A novel fault diagnosis model based on deep feature fusion network under imbalanced data: Towards railway dual-switch machines traction occasion

Abstract Fault diagnosis of railway switch machines is crucial for ensuring safe and efficient train operations, as well as for the maintenance of intelligent Switching & Crossing systems. Current methods primarily focus on single-switch machine traction modes, often overlooking the challenges of effectively utilizing multi-source data and comprehensively representing fault information. This limitation results in restricted applicability and suboptimal recognition accuracy.

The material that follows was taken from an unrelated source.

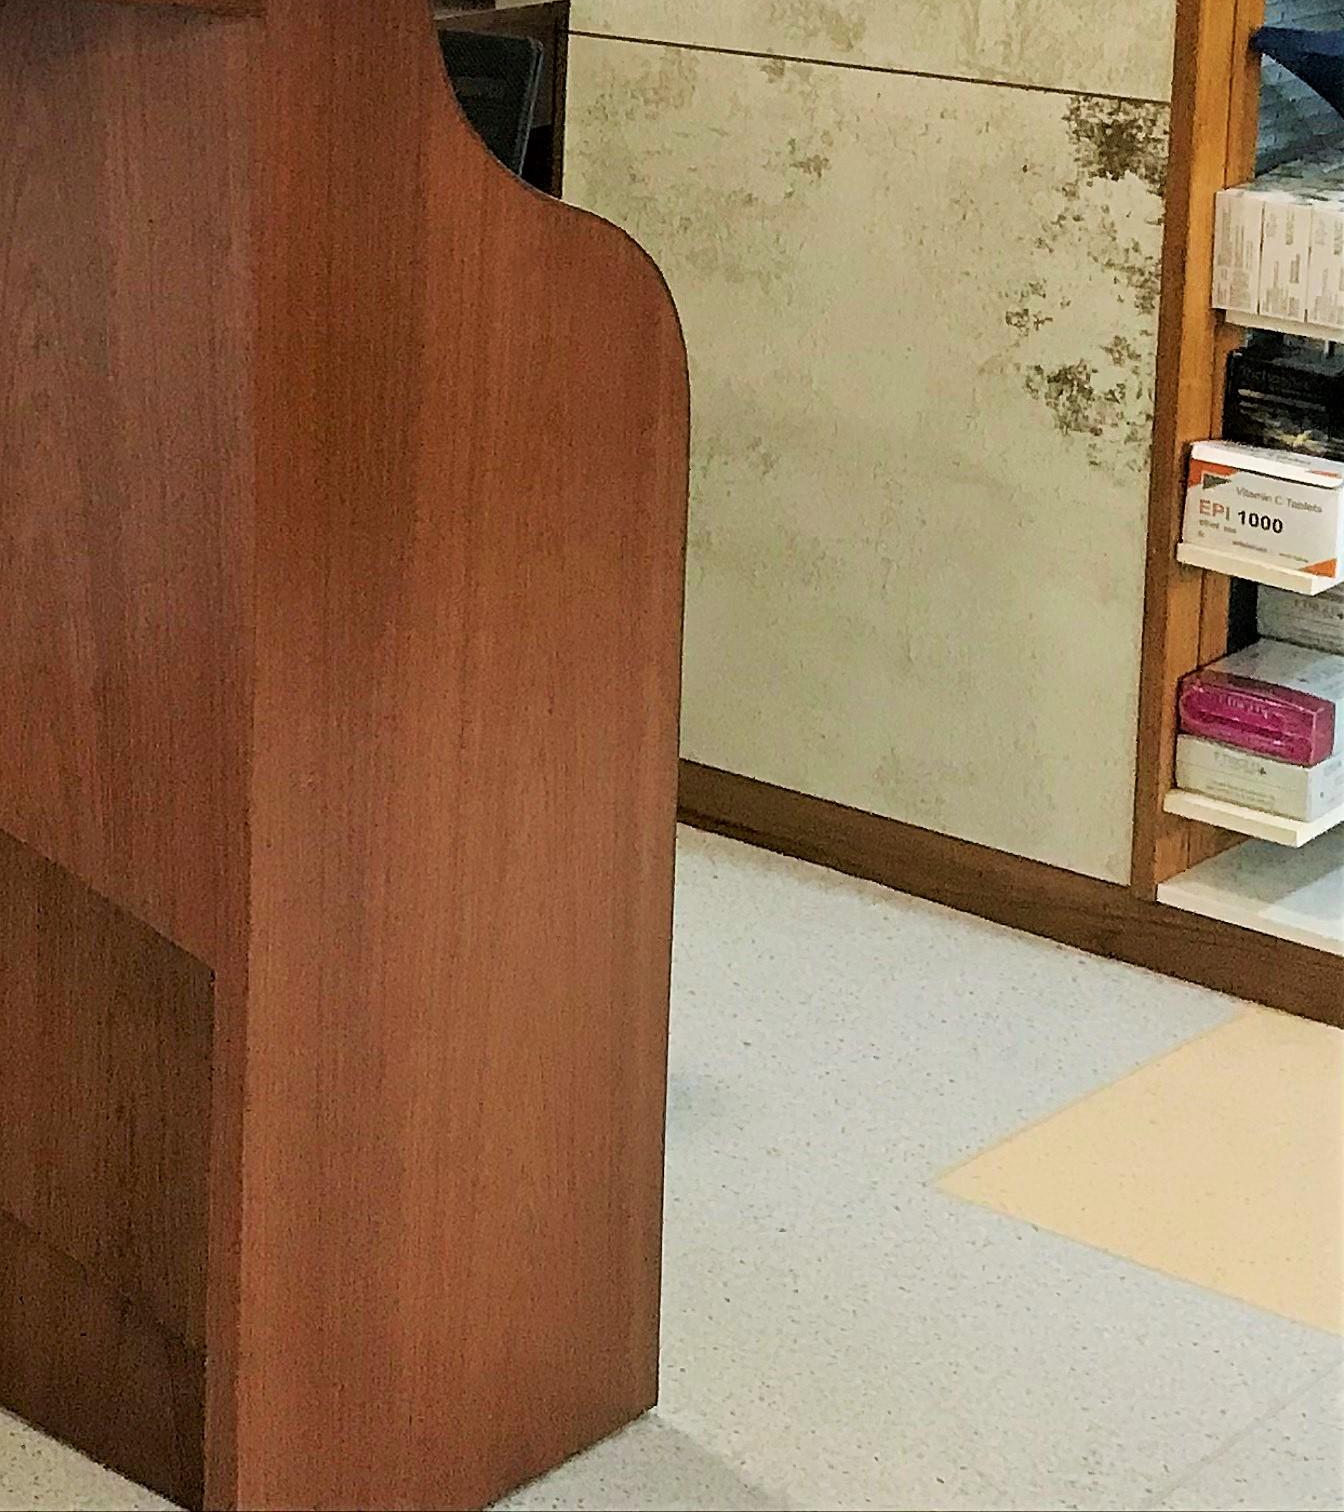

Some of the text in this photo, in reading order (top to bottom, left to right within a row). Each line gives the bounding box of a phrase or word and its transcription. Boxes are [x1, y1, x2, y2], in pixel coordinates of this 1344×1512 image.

[1236, 486, 1323, 514] Vitamin C Tablets
[1199, 499, 1284, 534] EPI 1000
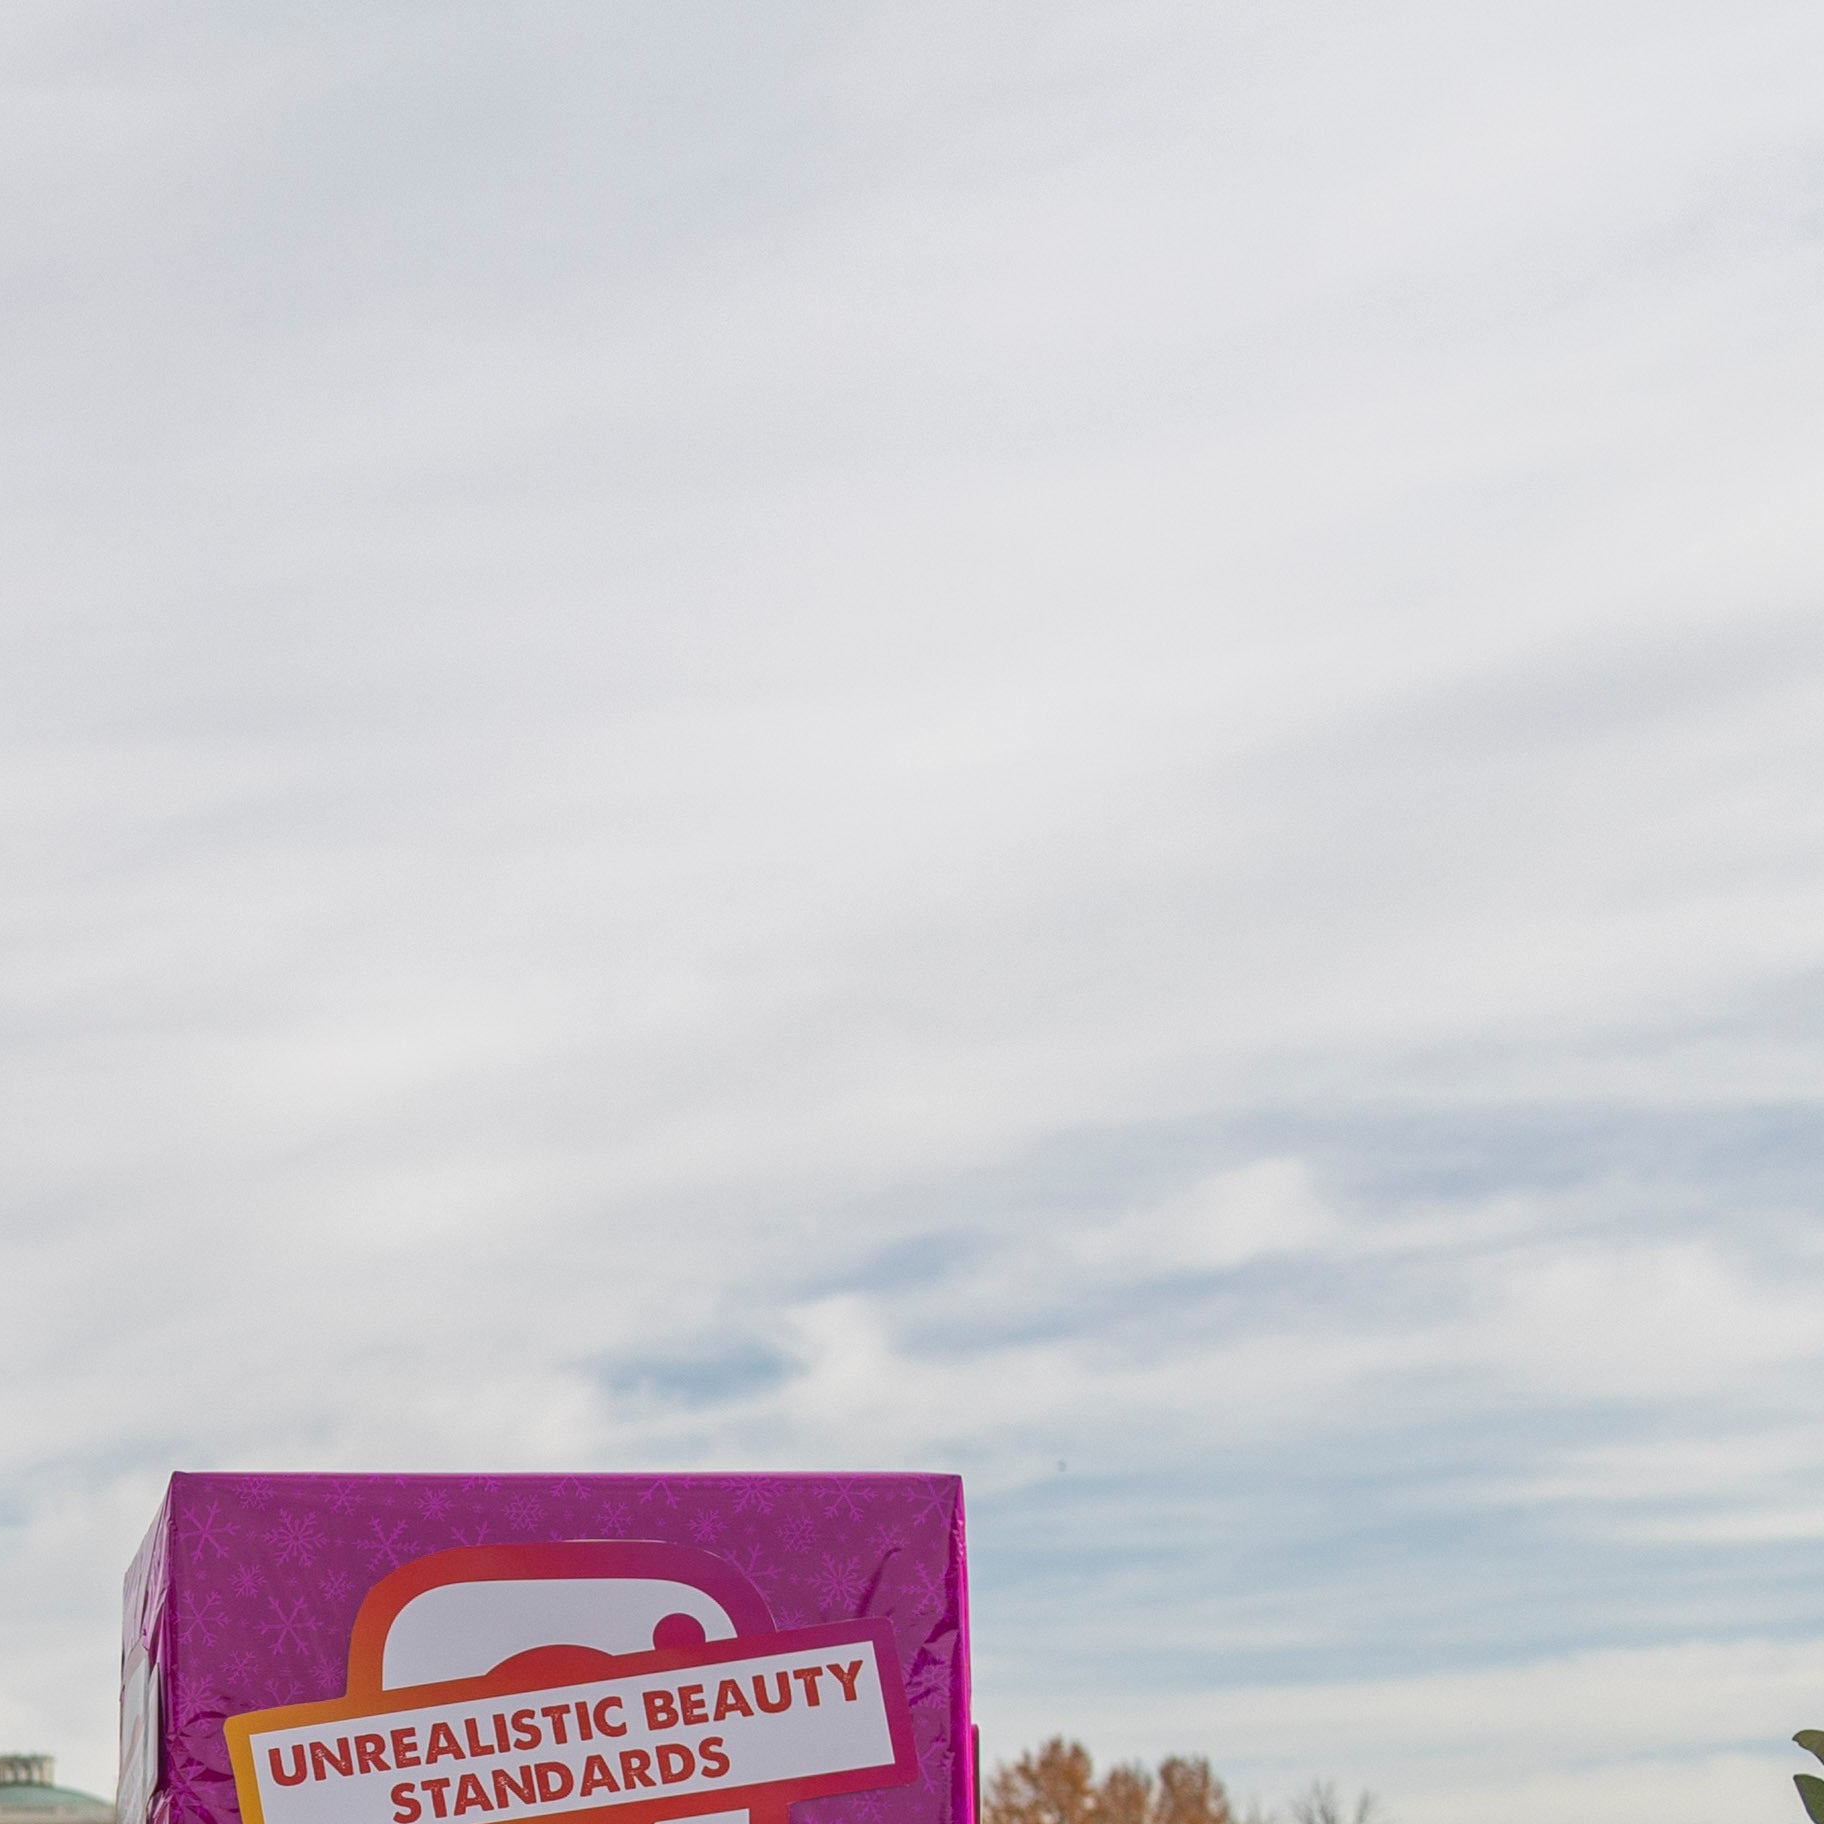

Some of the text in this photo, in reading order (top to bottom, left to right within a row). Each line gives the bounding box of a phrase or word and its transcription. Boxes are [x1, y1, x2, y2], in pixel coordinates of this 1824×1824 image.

To address these challenges, we propose a novel fault diagnosis model based on a deep feature fusion network (DFFN) specifically designed for railway dual-switch machines (RDSMs) in traction occasion, particularly under imbalanced data conditions. First, we introduce an improved synthetic minority oversampling technique (ISMOTE) that integrates clustering technology with neighbor-based strategies to balance the experimental data and mitigate training bias. Second, we incorporate a cross-branch convolutional collaborative self-attention mechanism network (CBCSAMN) and an adaptive weight learning network (AWLN) into the DFFN, facilitating the extraction of multi-scale fault feature correlations and promoting efficient fusion. Experimental results, based on multiple vibration sensing signals, demonstrate an average diagnostic accuracy of 96.66% and an F1-score of 96.85% in real railway environments. Comparative analyses with other state-of-the-art methods confirm that our approach achieves superior diagnostic performance.